Exercise prompt | Below are the entries. Set down exactly the line containing "this 1280×960 image." and each line after it.

Excerpts from a dataset
++++

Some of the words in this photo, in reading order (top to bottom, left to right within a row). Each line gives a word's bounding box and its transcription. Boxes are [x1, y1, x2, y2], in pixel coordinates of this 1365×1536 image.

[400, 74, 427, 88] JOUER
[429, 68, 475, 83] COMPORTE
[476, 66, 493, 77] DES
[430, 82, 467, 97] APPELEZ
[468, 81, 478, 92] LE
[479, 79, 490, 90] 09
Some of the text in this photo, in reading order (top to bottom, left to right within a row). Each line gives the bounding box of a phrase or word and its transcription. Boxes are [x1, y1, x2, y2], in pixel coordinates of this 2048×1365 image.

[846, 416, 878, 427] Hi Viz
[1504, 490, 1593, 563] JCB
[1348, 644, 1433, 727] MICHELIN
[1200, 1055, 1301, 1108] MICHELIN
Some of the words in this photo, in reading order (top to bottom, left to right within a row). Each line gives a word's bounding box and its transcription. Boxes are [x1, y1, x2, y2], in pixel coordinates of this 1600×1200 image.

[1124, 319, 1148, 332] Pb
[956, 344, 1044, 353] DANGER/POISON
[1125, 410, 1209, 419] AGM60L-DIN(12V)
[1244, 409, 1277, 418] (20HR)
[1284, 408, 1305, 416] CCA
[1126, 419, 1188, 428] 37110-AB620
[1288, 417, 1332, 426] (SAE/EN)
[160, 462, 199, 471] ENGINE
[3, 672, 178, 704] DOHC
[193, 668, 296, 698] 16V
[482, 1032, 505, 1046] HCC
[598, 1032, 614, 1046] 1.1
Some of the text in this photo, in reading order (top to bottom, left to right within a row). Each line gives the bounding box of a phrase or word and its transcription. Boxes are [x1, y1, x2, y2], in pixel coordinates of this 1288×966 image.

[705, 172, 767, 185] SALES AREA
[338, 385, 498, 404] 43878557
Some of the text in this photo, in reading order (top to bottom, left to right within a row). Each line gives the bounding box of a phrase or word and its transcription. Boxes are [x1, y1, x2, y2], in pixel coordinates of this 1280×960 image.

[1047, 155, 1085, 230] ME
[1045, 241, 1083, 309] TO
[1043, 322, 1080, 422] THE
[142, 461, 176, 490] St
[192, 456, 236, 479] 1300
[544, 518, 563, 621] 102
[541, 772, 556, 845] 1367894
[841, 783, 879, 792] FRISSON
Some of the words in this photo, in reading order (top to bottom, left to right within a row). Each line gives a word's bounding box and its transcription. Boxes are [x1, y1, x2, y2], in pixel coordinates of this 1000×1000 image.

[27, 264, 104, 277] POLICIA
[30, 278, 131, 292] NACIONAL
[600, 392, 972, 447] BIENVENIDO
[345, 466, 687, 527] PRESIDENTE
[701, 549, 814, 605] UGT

++++

Completed task |
Some of the text in this photo, in reading order (top to bottom, left to right within a row). Each line gives the bounding box of a phrase or word and its transcription. Boxes are [x1, y1, x2, y2], in pixel coordinates of this 1280×960 image.

[1047, 155, 1085, 230] ME
[1045, 241, 1083, 309] TO
[1043, 322, 1080, 422] THE
[142, 461, 176, 490] St
[192, 456, 236, 479] 1300
[544, 518, 563, 621] 102
[541, 772, 556, 845] 1367894
[841, 783, 879, 792] FRISSON
Some of the words in this photo, in reading order (top to bottom, left to right within a row). Each line gives a word's bounding box and its transcription. Boxes are [x1, y1, x2, y2], in pixel coordinates of this 1000×1000 image.

[27, 264, 104, 277] POLICIA
[30, 278, 131, 292] NACIONAL
[600, 392, 972, 447] BIENVENIDO
[345, 466, 687, 527] PRESIDENTE
[701, 549, 814, 605] UGT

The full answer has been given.